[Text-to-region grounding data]
============================================================
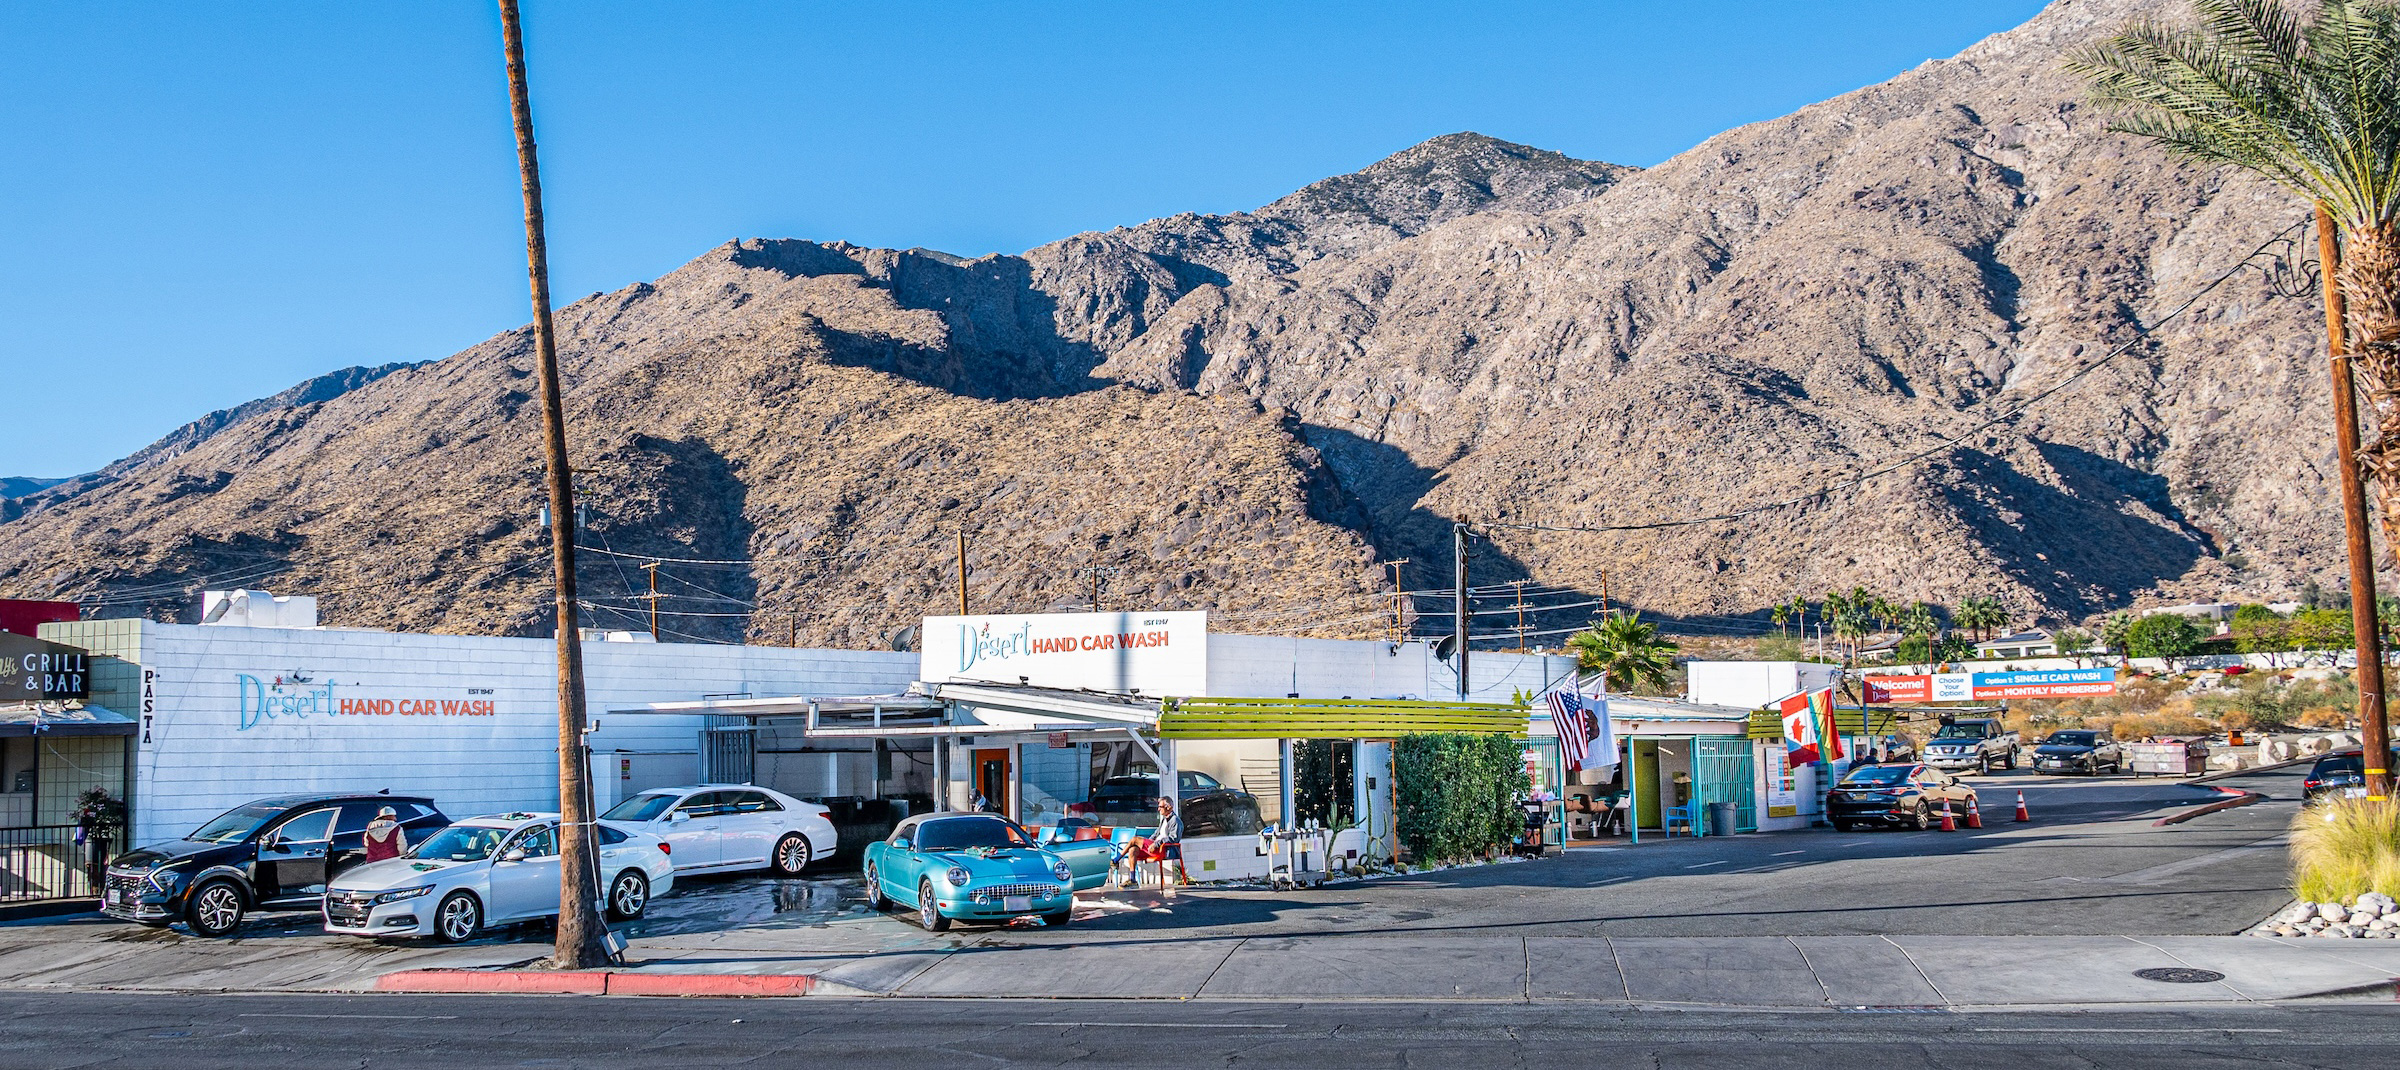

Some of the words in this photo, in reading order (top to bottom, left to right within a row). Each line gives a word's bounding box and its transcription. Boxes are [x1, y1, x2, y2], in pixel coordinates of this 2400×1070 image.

[957, 621, 1031, 673] Desert
[1032, 637, 1077, 654] HAND
[1081, 634, 1115, 651] CAR
[1117, 630, 1169, 649] WASH
[23, 653, 86, 672] GRILL
[25, 675, 39, 690] &
[44, 673, 82, 692] BAR
[1870, 679, 1925, 690] Welcome!
[1985, 677, 2008, 686] Option
[2014, 673, 2049, 683] SINGLE
[2049, 673, 2070, 682] CAR
[2071, 672, 2101, 681] WASH
[1975, 690, 1997, 698] Option
[2004, 686, 2049, 696] MONTHLY
[2050, 684, 2113, 695] MEMBERSHIP
[143, 670, 154, 744] PASTA
[235, 673, 338, 731] Desert
[340, 698, 395, 716] HAND
[399, 699, 437, 716] CAR
[441, 700, 495, 717] WASH
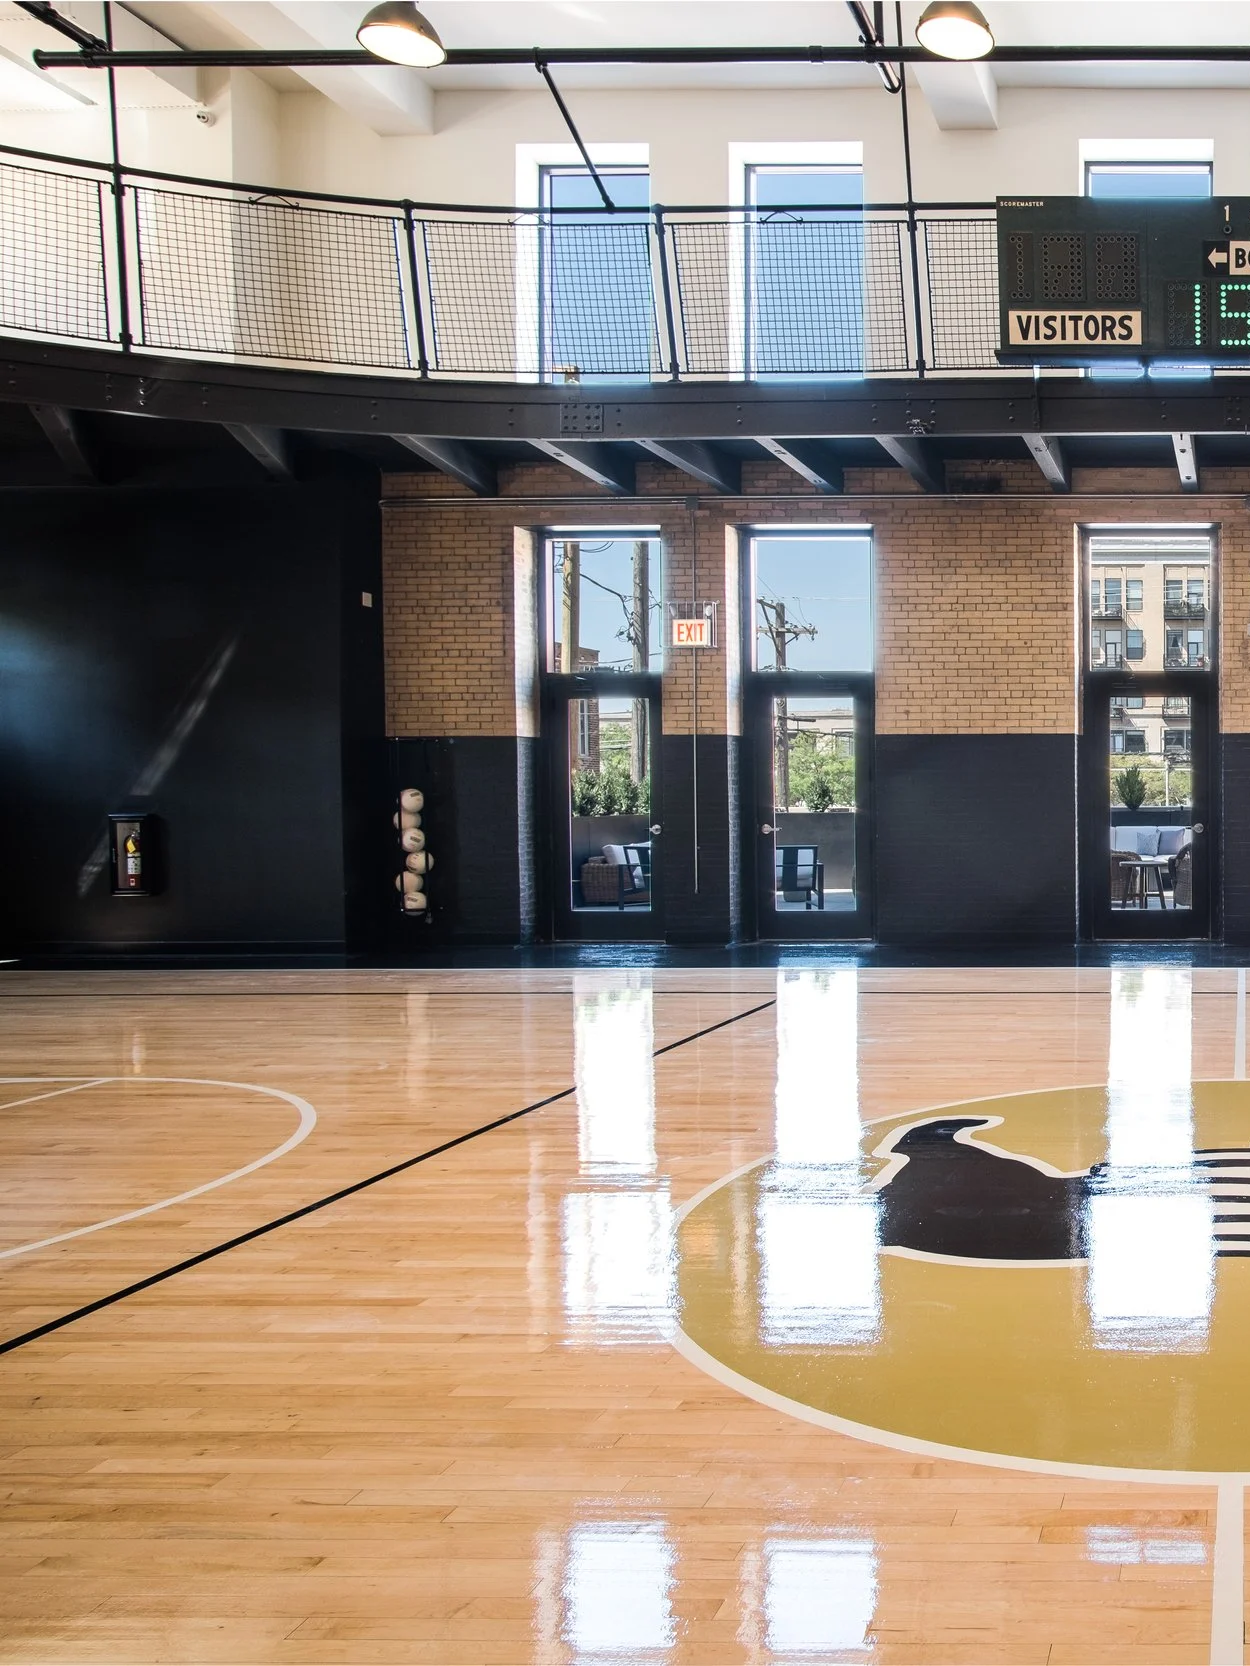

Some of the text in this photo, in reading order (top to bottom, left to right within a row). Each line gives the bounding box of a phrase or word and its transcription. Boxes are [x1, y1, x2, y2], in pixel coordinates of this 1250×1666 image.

[1224, 205, 1230, 222] 1
[1017, 315, 1133, 341] VISITORS
[677, 623, 704, 642] EXIT
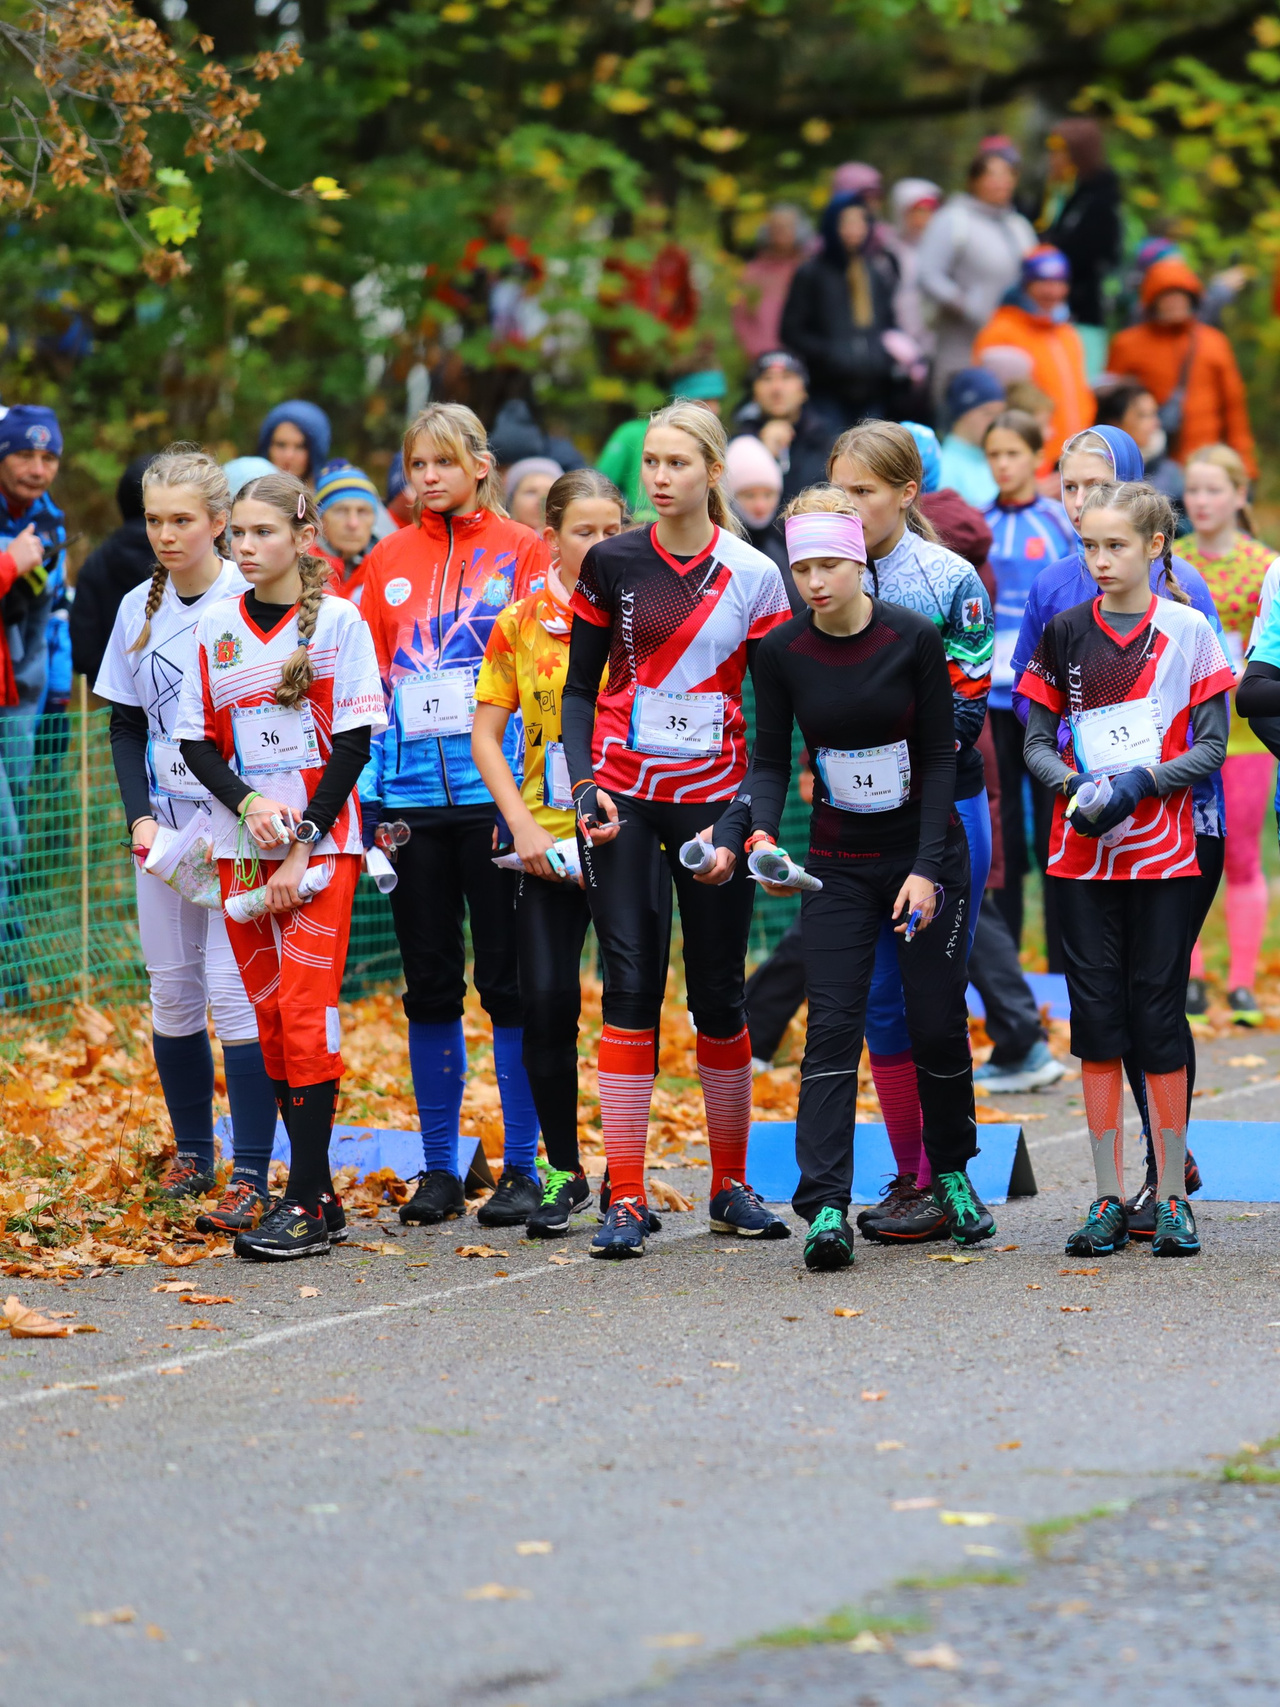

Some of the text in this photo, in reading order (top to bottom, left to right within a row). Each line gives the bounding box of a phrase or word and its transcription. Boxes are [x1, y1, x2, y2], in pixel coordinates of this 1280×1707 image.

[422, 698, 440, 714] 47
[666, 716, 688, 732] 35
[260, 730, 280, 748] 36
[1109, 726, 1130, 746] 33
[170, 762, 186, 777] 48
[852, 774, 874, 789] 34
[810, 846, 832, 858] Arctic
============================================================
◆ **Directions**
What is needed is a word-for-word copy of the data above, free of any images.

◆ **Reply**
Some of the words in this photo, in reading order (top to bottom, left to right within a row). Each line gives a word's bounding box and its transcription. Boxes are [x1, y1, x2, y2], in pixel coordinates of this 2400×1070 image.

[957, 621, 1031, 673] Desert
[1032, 637, 1077, 654] HAND
[1081, 634, 1115, 651] CAR
[1117, 630, 1169, 649] WASH
[23, 653, 86, 672] GRILL
[25, 675, 39, 690] &
[44, 673, 82, 692] BAR
[1870, 679, 1925, 690] Welcome!
[1985, 677, 2008, 686] Option
[2014, 673, 2049, 683] SINGLE
[2049, 673, 2070, 682] CAR
[2071, 672, 2101, 681] WASH
[1975, 690, 1997, 698] Option
[2004, 686, 2049, 696] MONTHLY
[2050, 684, 2113, 695] MEMBERSHIP
[143, 670, 154, 744] PASTA
[235, 673, 338, 731] Desert
[340, 698, 395, 716] HAND
[399, 699, 437, 716] CAR
[441, 700, 495, 717] WASH

Some of the text in this photo, in reading order (top to bottom, left to right within a row). Each line gives the bounding box of a phrase or word and its transcription. Boxes are [x1, y1, x2, y2], in pixel coordinates of this 1250×1666 image.

[1224, 205, 1230, 222] 1
[1017, 315, 1133, 341] VISITORS
[677, 623, 704, 642] EXIT

Some of the text in this photo, in reading order (top to bottom, left to right within a row). Each line gives the bounding box of a phrase or word and its transcription. Boxes are [x1, y1, x2, y2], in pixel coordinates of this 1280×1707 image.

[422, 698, 440, 714] 47
[666, 716, 688, 732] 35
[260, 730, 280, 748] 36
[1109, 726, 1130, 746] 33
[170, 762, 186, 777] 48
[852, 774, 874, 789] 34
[810, 846, 832, 858] Arctic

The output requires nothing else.